If Ollama is running on a different host or port, set the environment variable:

export OLLAMA_BASE_URL="http://localhost:11434"

Learning New Knowledge

Teach Asta new information using natural language commands.

Learn from Text

learn about Python for 5 minutes
learn about machine learning
teach yourself about quantum computing

When you ask Asta to learn about a topic, it will:

Research the topic (web search, documentation, etc.)
Extract and process the content
Split text into 500-character chunks
Generate embeddings using Ollama
Store vectors in ChromaDB and keywords in SQLite FTS5

Learn from Documents

You can also provide direct content to learn:

Here's our API documentation:
[paste documentation]
Learn this for future reference.

Learn from URLs

learn from https://docs.example.com/guide
read and remember this article: https://blog.example.com/post

Querying Learned Knowledge

Once Asta has learned something, it automatically retrieves relevant knowledge when you ask related questions.

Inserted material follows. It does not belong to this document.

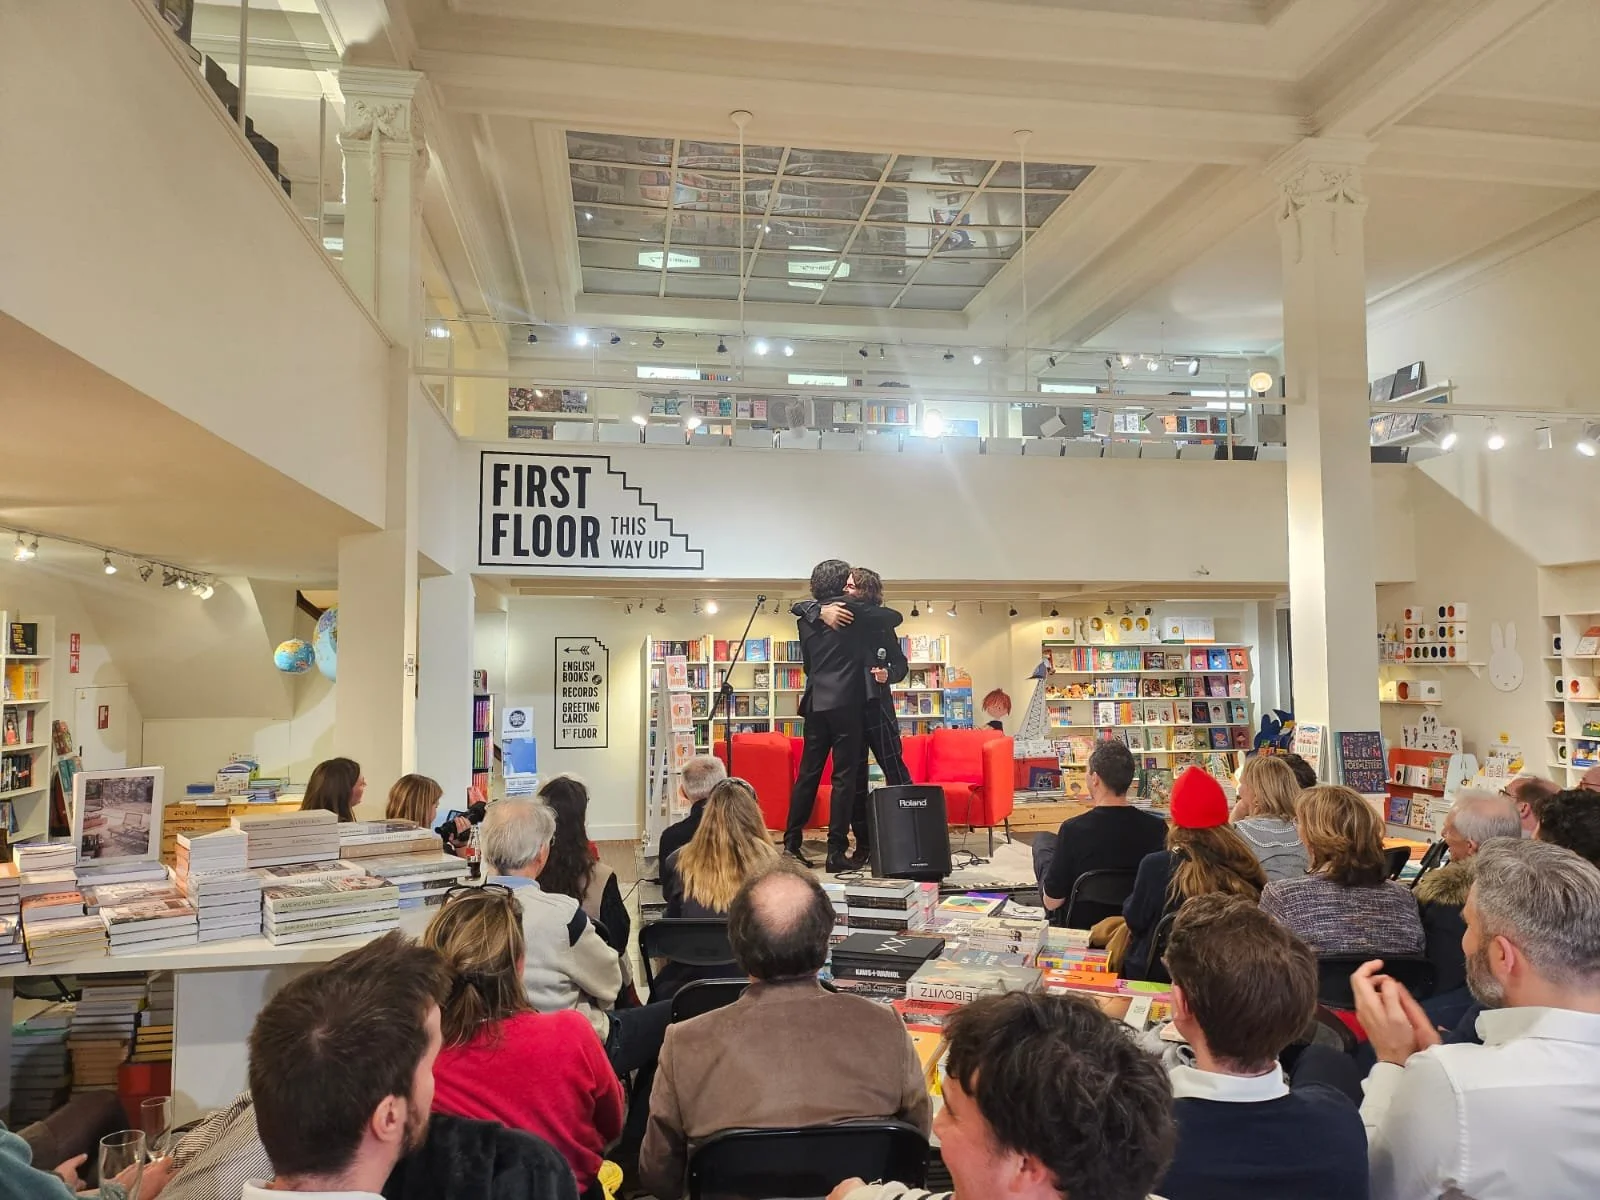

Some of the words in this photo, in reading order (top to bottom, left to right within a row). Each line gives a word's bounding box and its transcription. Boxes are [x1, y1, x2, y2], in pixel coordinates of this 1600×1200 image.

Automatic Context Injection

The RAG system runs on every message and injects relevant context:

You: What's the best way to handle async in Python?
Asta: [Retrieves relevant chunks from learned Python knowledge]
      Based on what I've learned about Python, async/await...

Topic-Specific Queries

You can query specific topics you’ve taught:

What did you learn about Python?
Recall what you know about machine learning
Show me what you learned about our API

Hybrid Search Example

When you ask a question:

Vector search: Embeds your question and finds semantically similar chunks
Keyword search: Searches for exact term matches using FTS5
Merge & rank: Combines results with weighted scoring
Return top K: Returns the 5 most relevant chunks (configurable)

Managing Learned Topics

List Topics

See everything Asta has learned:

What have you learned?
List all topics you know about
Show me your knowledge base

Response includes:

Topic name
Number of chunks stored
Total content size

Delete Topics

Remove learned knowledge:

Forget everything about Python
Delete what you learned about machine learning
Clear your knowledge about [topic]

Update Topics

Replace existing knowledge:

Update your Python knowledge with this new information:
[new content]

This deletes old chunks and creates new embeddings.

Storage & Configuration

The RAG system stores data in two locations:

ChromaDB (Vector Store)

# Default location
~/workspace/source/backend/chroma_db/

# Configure custom path
export ASTA_CHROMA_PATH="/path/to/chroma"

Stores:

768-dimensional embeddings (nomic-embed-text)
Document chunks (up to 500 characters each)
Metadata (topic name)
Collection: asta_rag

SQLite FTS5 (Keyword Index)

# Default location
~/workspace/source/backend/rag_fts.db

# Configure custom path
export ASTA_FTS_PATH="/path/to/rag_fts.db"

Stores:

Document ID
Topic name
Full chunk text for keyword search
FTS5 index for fast text matching

Implementation Details

The RAG service is implemented in backend/app/rag/service.py.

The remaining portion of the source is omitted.